At UAB, the Institutional Review Boards for Human Use (IRB), two groups of 15 people, evaluate all prospective patient studies. Tim Townes, Ph.D., chair of the UAB Department of Biochemistry and Molecular Genetics, describes IRB members as a mix of university faculty and community representatives—everyone from scientists and philosophers to lawyers and clergy. They are “meticulous” in minimizing risks to research participants and ensuring that patients are fully informed about study requirements, he says. “Proposals never pass the first time—there are always questions for us to answer. And they almost never go through the second time.” The process “focuses everybody on the dignity of every patient.”

2,000 Liters

Townes recalls his first HeLa encounter, as a postdoctoral student in 1980. “If the genes we were studying worked in red blood cells and didn’t work in HeLa, then we could begin to define the parts responsible for the gene’s function in red blood cells.” He explains that it’s relatively easy to add DNA to HeLa cells—one reason they are so valuable to scientists. The cells also divide quickly, making them simple and inexpensive to grow.

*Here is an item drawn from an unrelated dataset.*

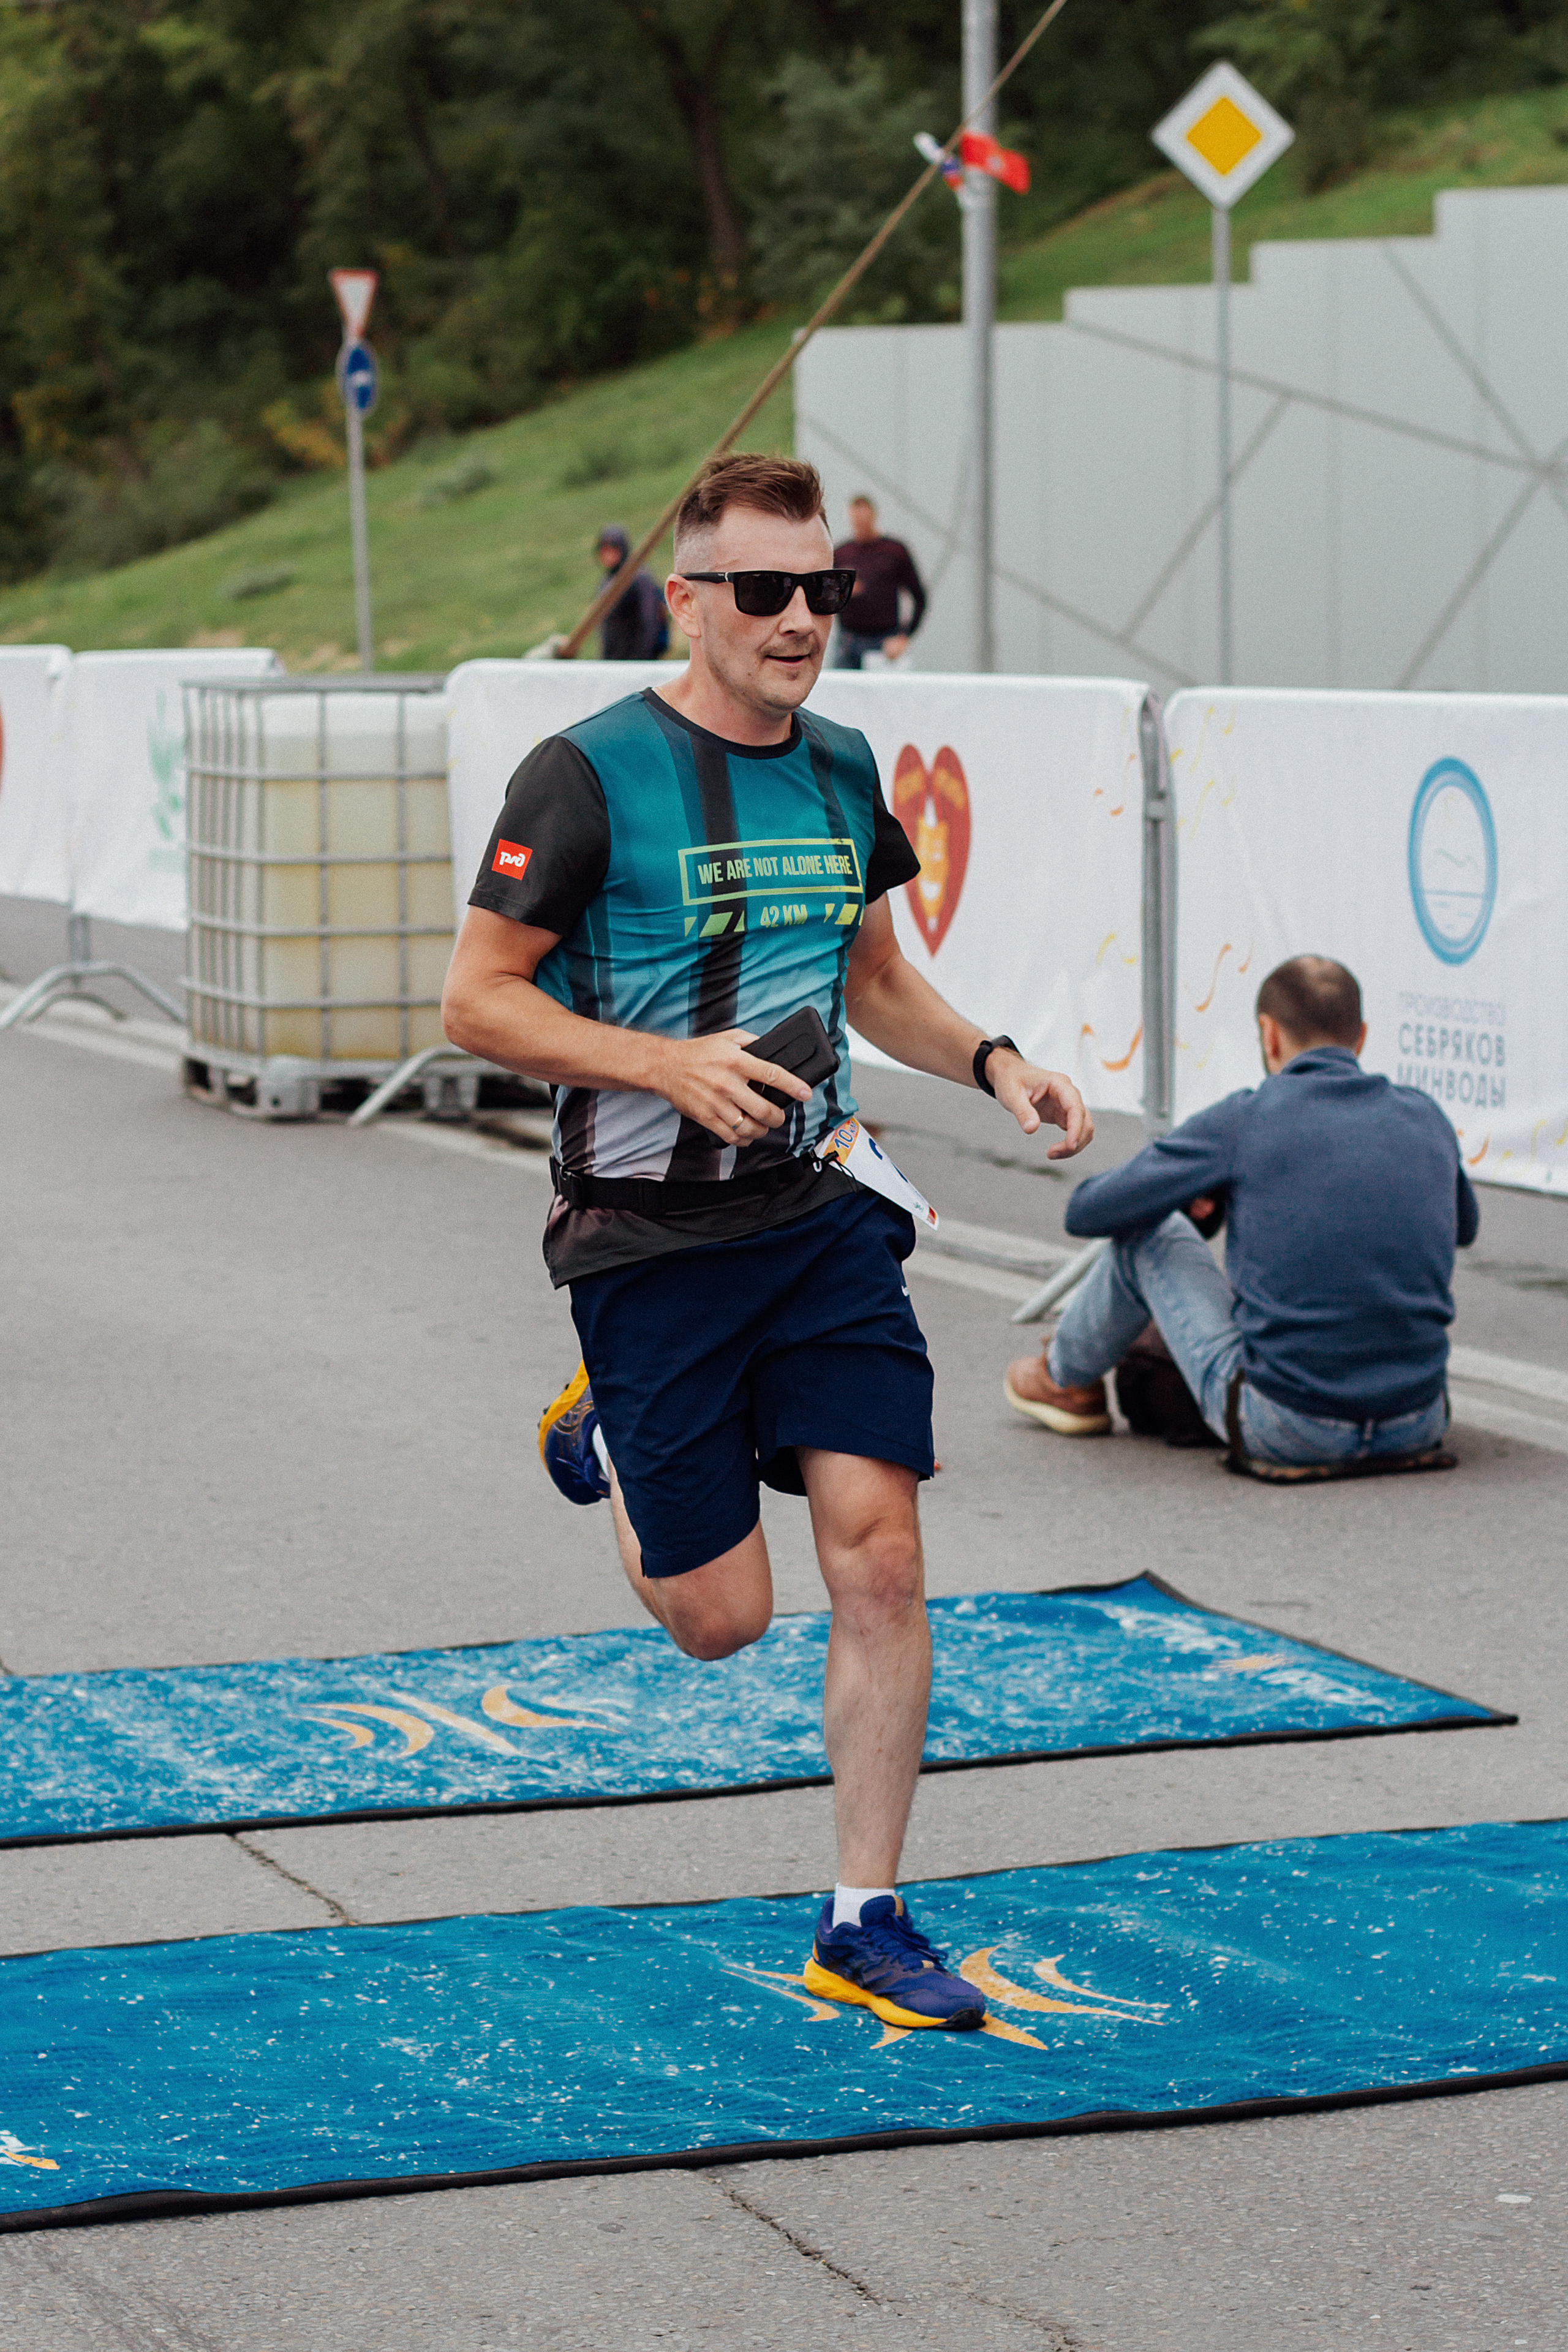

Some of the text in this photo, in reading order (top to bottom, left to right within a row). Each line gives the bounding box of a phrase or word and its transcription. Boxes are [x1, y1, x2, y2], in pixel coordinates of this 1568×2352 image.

HeLa continues to help UAB scientists make discoveries. Biochemist Hengbin Wang, Ph.D., recently extracted the proteins from 2,000 liters of HeLa cells he grew on campus. His goal was to find the mechanism that causes chromosomes to loosen and tighten, which in turn encourages and reduces gene expression. “From hundreds of thousands of proteins, he was able to purify one complex that opens and closes chromosomes,” Townes says. The finding could offer new insights on cancer treatment.

HeLa research also paved the way for Townes’s work with induced pluripotent stem (iPS) cells, which he calls a “reprogramming” of a patient’s own cells. “Patients will be able to go to the dermatologist, get a small biopsy of skin, and those cells will be grown in culture and converted into iPS cells. From those, we will be able to derive any of the 200 cell types in the body, which can be transplanted back into patients.” The cells also can be used to correct genetic defects that cause problems such as sickle-cell disease, a painful blood condition. In 2007, Townes and colleagues cured sickle cell in mice using iPS cells.

“A lot of medicine will move to individualized therapies,” Townes says. But before then, scientists must conduct clinical trials involving human patients—without repeating HeLa’s ethical mistakes. Currently, Townes is establishing informed consent for future sickle-cell research by sharing information with community foundations around Alabama.

Unresolved Issue

One HeLa legacy remains contentious: control of patient tissue samples. Legal rulings state that once tissues are removed from your body—even during a routine blood test—you forfeit any claim to them. In the past, researchers using such tissues have made discoveries that have led to promising and profitable treatments, yet the original donors have received nothing.

Pence says that not compensating patients who provide tissues “is a little shortsighted.” If people had a financial incentive, “they might participate more” in biomedical research. “Not everyone’s cells are going to be valuable,” he adds. “But in the era of personalized genomic medicine, more medicines will be tailored to particular ethnic groups. If people don’t participate, scientists can’t develop treatments.”

Townes hopes that patients participating in research see the value of their contributions, whether or not they receive compensation. “Every piece of the puzzle is critical.” HeLa, he says, is a prime example: “In the end, a huge amount of knowledge has come from those tiny cells.”